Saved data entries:
══════════════════════════════
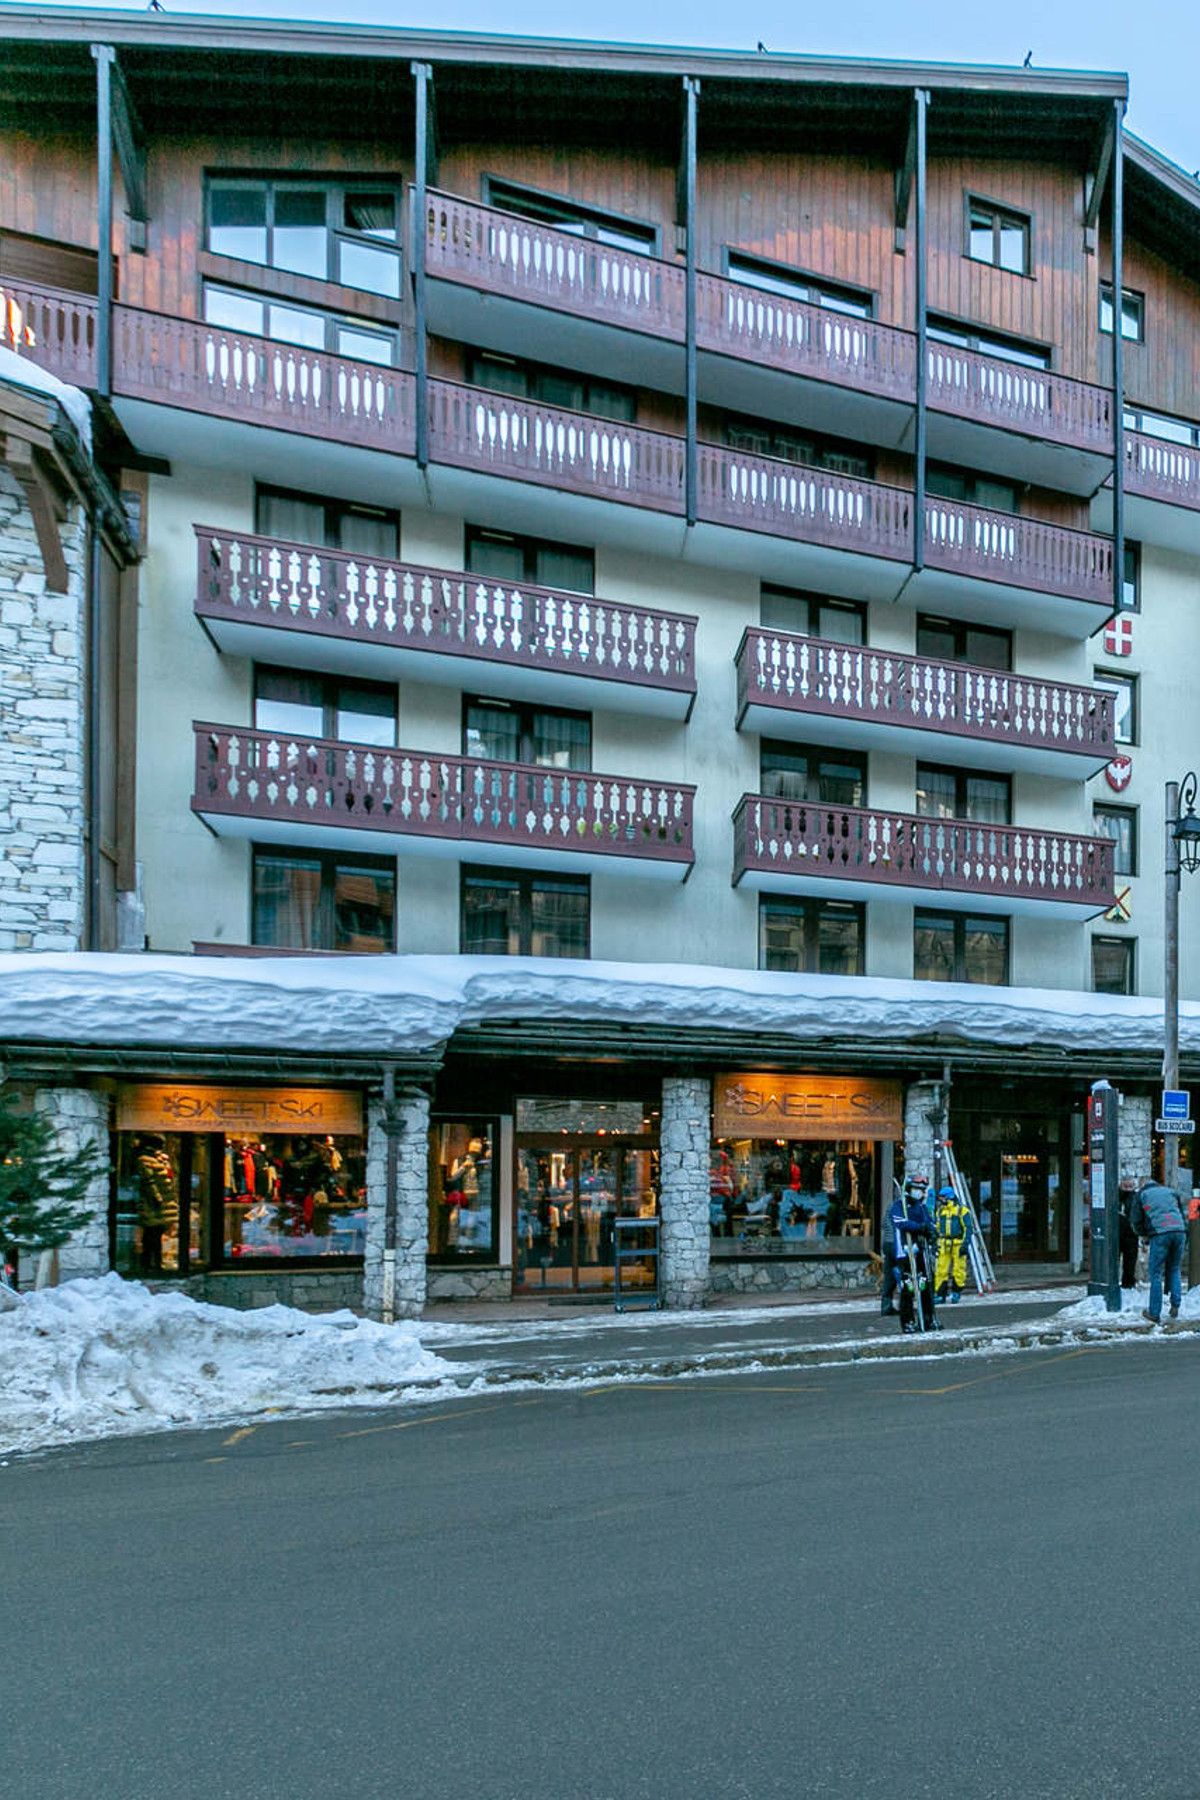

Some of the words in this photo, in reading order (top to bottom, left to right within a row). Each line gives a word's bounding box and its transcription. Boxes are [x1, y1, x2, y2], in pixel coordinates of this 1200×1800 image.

[175, 1095, 277, 1118] SWEET
[278, 1098, 323, 1117] SKI
[737, 1090, 847, 1118] SWEET
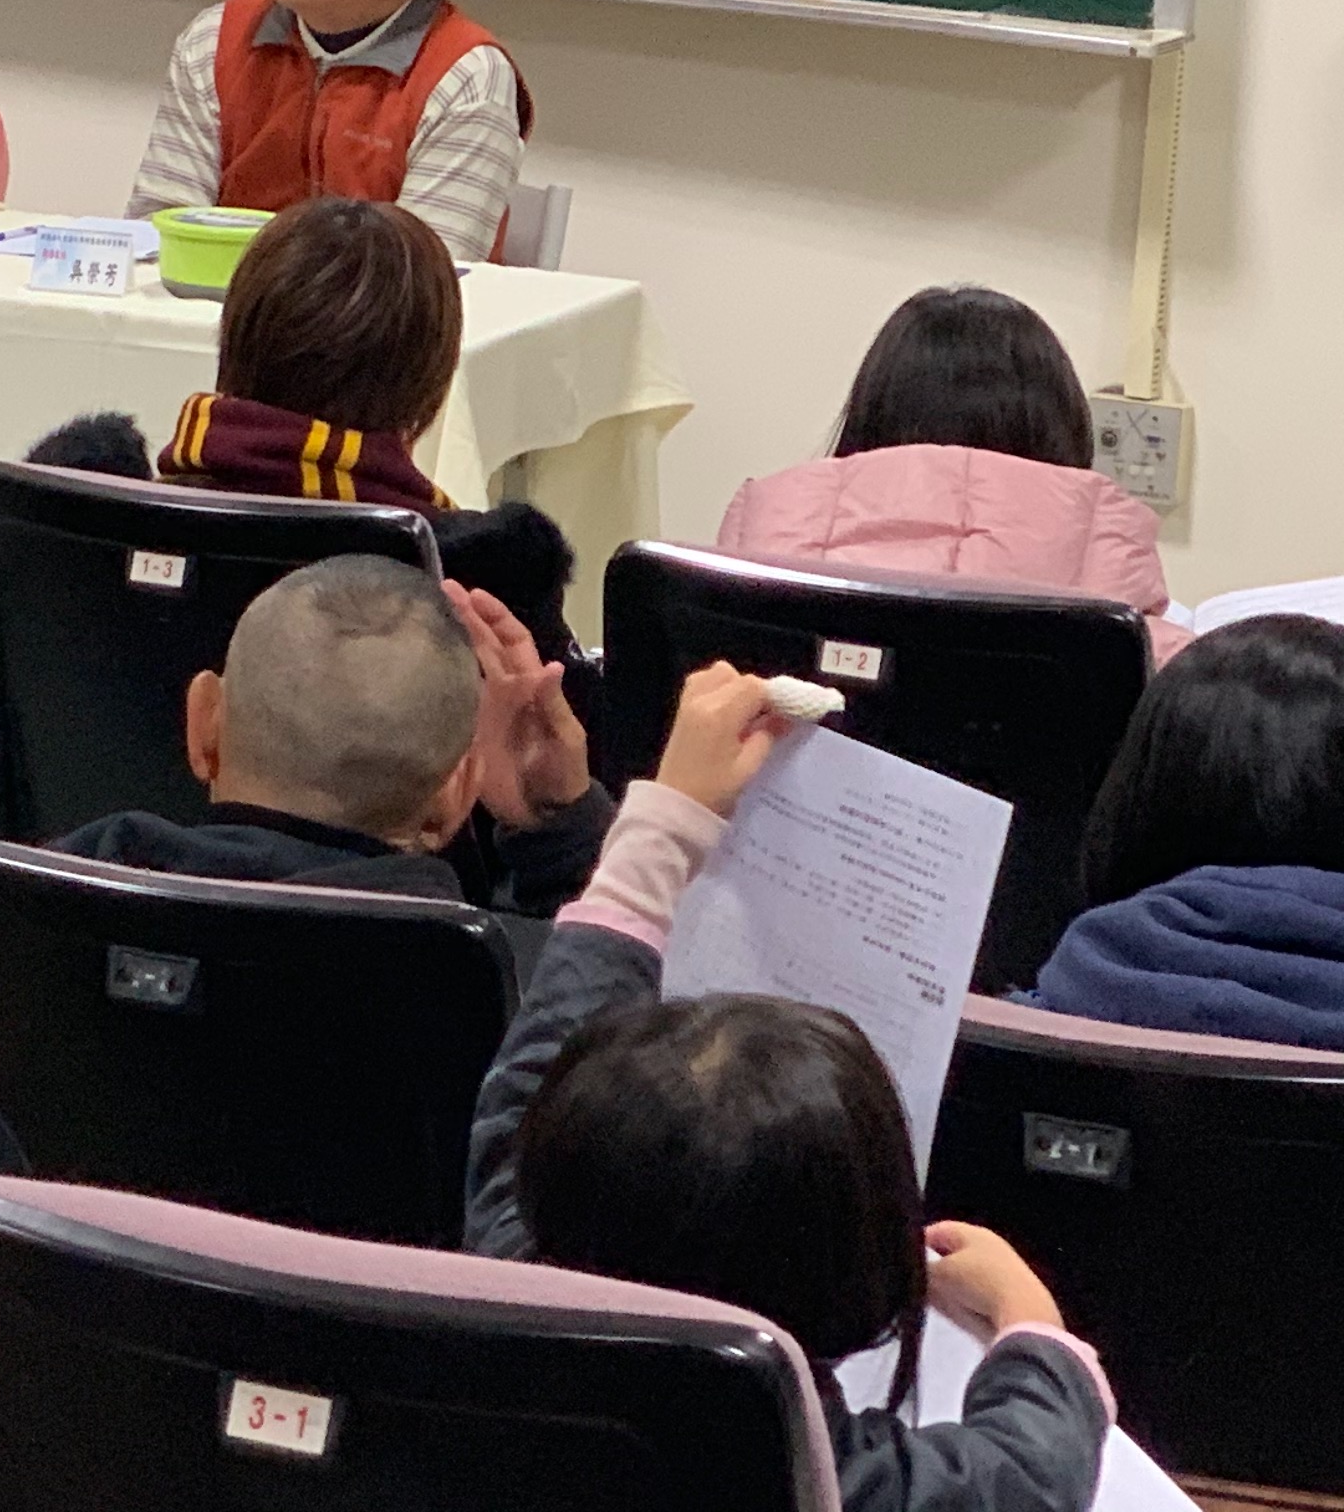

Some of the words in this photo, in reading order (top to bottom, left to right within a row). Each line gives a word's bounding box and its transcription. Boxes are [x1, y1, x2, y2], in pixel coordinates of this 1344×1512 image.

[143, 558, 173, 579] 1-3
[834, 649, 868, 670] 1-2
[249, 1395, 309, 1439] 3-1
══════════════════════════════
◆ **Your assignment**: All of the data above should be quoted exactly, except for the pictures.

◆ **Response below**:
Some of the words in this photo, in reading order (top to bottom, left to right within a row). Each line gives a word's bounding box and its transcription. Boxes are [x1, y1, x2, y2], in pixel coordinates of this 1200×1800 image.

[175, 1095, 277, 1118] SWEET
[278, 1098, 323, 1117] SKI
[737, 1090, 847, 1118] SWEET

Some of the words in this photo, in reading order (top to bottom, left to right within a row). Each line gives a word's bounding box and its transcription. Boxes are [x1, y1, x2, y2], in pixel coordinates of this 1344×1512 image.

[143, 558, 173, 579] 1-3
[834, 649, 868, 670] 1-2
[249, 1395, 309, 1439] 3-1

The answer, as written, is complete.